モルガナイト

能筆

 桜も散り、もう木々には葉が茂っている。オークションからもだいぶ経ち、もう早苗月が始まっていた。俺の傷もだいぶ回復し、少し違和感を感じるくらいになった。昨日は服やら何やらをそれぞれの家へ持ち帰り、再びゲンの場所は仕事スペースとなった。今日はその仕事スペースに向かうよう言われているので走っている。遅刻しそうなのだ。まだ近道は竜の被害で走りづらくなっているので、いつもの道で急いでいた。


「おはようございまーす。」

「おはよう!」

「よく来たな…。」

「そのキャラは?」

「『威厳に満ち溢れたミステリアスなカリスマ上司』だよ…。」

「ミステリアスも何もねえだろ。」

「カリスマ…?」

「…はい。じゃあ全員揃ったところで…『第1回強化研修』〜!!」

「わ〜パチパチパチ〜。」

「わー。」

「お前らさぁ。この職について何も知らねえだろ。コウでさえ興味持ったことねえだろ。ってことで研修しまーす。」

「わー楽しみー。」

「超棒読みやめろ〜?」


 ということで研修がスタートしてしまった。ご丁寧にボロいパイプ椅子が用意されていたのはそのせいか。大きくなく、持ち運びしやすそうな安っぽいサイズのホワイトボードにケンが『研修!!』と大きく書き込む。ちなみにインクはカスカスだ。期待を裏切らないなぁ。


「お前らそもそもこの職業名知ってるか?」

「…この仕事…。」

「何かを倒す仕事…。」

「はぁ…なんとこの仕事…『掃除屋』だったんですよ…。」

「え!?そうだったんですか!?」

「まあ最近知ったけど。」


 確かに考えてみればそうかもしれない。暴走した『何か』を止めて、この世界を綺麗に保つ。掃除屋だったんだ…。っていうかゲンも最近知ったのかよ。


「そして…俺ら会社あったんすよ…。」

「マジかよ。あ、でも確かにゲンが上司だもんな。」

「俺らが勤めてたのは、その名も『Zircon』。」

「ジルコン…?」

「そう。ジルコン。はいコウ意味は!」

「えーと、『平和』…?」

「正解!ジルコンは平和の石なんだよ。」

「すごい!よく覚えてるね〜。」

「まあなんとなく…。で?」

「あ、そうだ。で今俺らがいるのがここね。」


 ゲンがピラミッドを描き、それを3つに分ける。1番下の段に『コウ&モナちゃん』、2段目に『俺!』と描いた。『俺』の主張が激しいな。


「1番下ですね!まあ予想してましたけど。」

「俺は中間管理職なのよ…。」

「どんまーい。」

「そしてこのピラミッドの1番上には社長がいます。俺も見たことないけどね。本部にいるんだよ。ここは東地域2番支部だから。あとはえーと…。あ、最近『何か』の種類が増えてるのって知ってる?」

「え?そうなの?」

「そうそう。まず、普通に暴走するやつでしょ?あとちょっと前に倒したような変化しちゃうタイプ。あと最近、知能もついてきてるんだよね〜。気配消せるやつと段々強くなっちゃうタイプもいる。」

「うわめんどくさ。」

「だろ?だから気をつけろよ〜ってこと。…そんなところかな!研修終わり!」

「ありがとうございました!」

「あざましたー。」


 謎の研修は終わり、いつもの流れが始まる…と思っていたが、今日はいつもではなかった。モナが棚の上の方に置いてある箱に手を伸ばす。が届かない。背伸びしても掠る程度だ。しょうがないので後ろから取ってやるとモナはやけに縮こまってしまった。これ以上小さくなってどうするつもりなんだよ。
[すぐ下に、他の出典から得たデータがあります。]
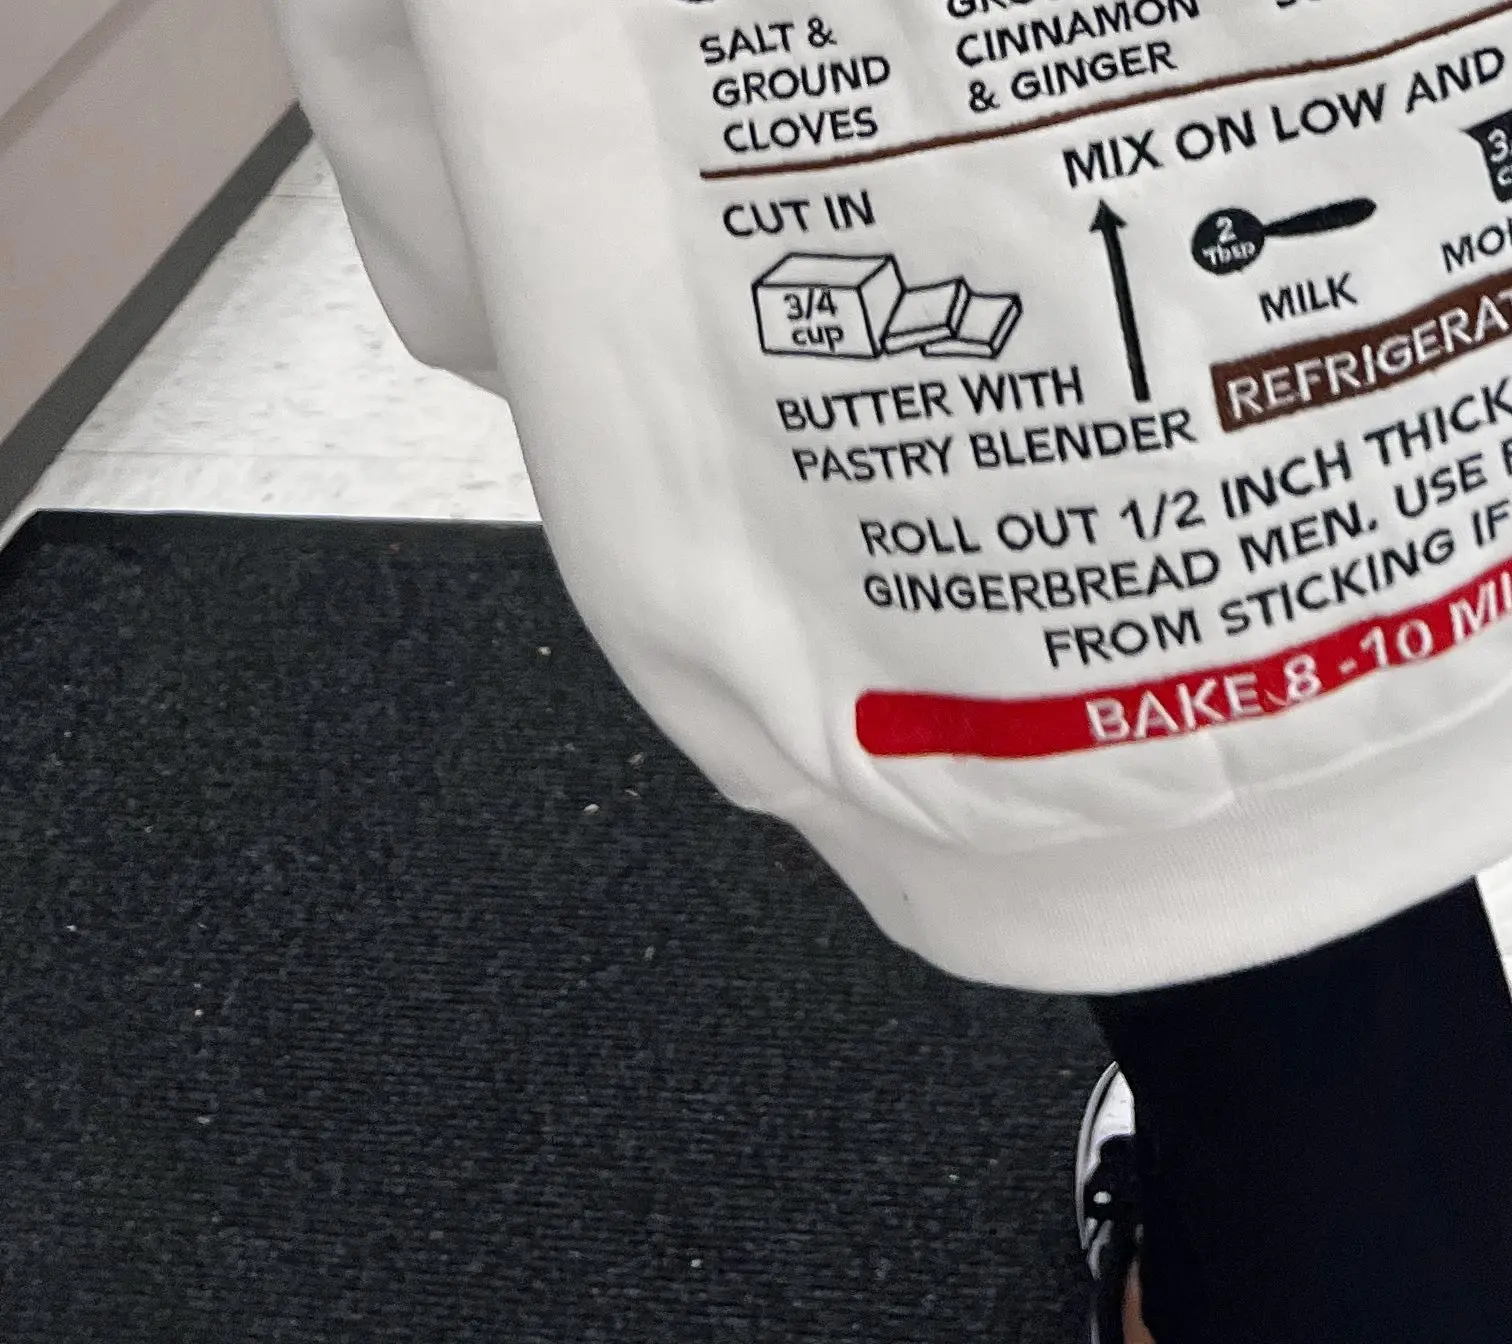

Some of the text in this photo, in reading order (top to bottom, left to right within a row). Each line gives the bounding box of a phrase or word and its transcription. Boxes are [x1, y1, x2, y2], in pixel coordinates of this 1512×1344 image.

 中身は薬だった。全て液体で、使えるものもあれば使えなさそうなものもある。


「これ、前から気になってたんだよね〜。あ、これ使えない。」

「どうやって見分けてんの?」

「見た目と匂いかなぁ。明らかに色が変わってるやつとかもあるから。あ、これも無理。」


 10数個瓶があったのだが、結局残ったのは3つだけだった。ゲンが現役の時からあったらしく、相当古いものだと思われる。そのうちのひとつには『解毒薬』と書かれたシールが貼ってあった。そしてもうひとつは毒薬だった。俺が全く同じものを武器屋で見たことがあったのだ。残りはひとつ。薄いピンク色の小さい瓶に入っている、この薬。ラベルもなければ見たこともない。


「…飲んでみる?」

「毒だったらどうすんだよ。」

「解毒薬はあるよ?」

「…じゃあ俺が少し飲む。ちょっと心配だし。」


 そう言ってそれを少しコップに出して一気に飲み干す。すぐ隣ではモナが解毒薬を持ってスタンバイしてくれていた。

 …あれ?待って。なんか変な気がする…。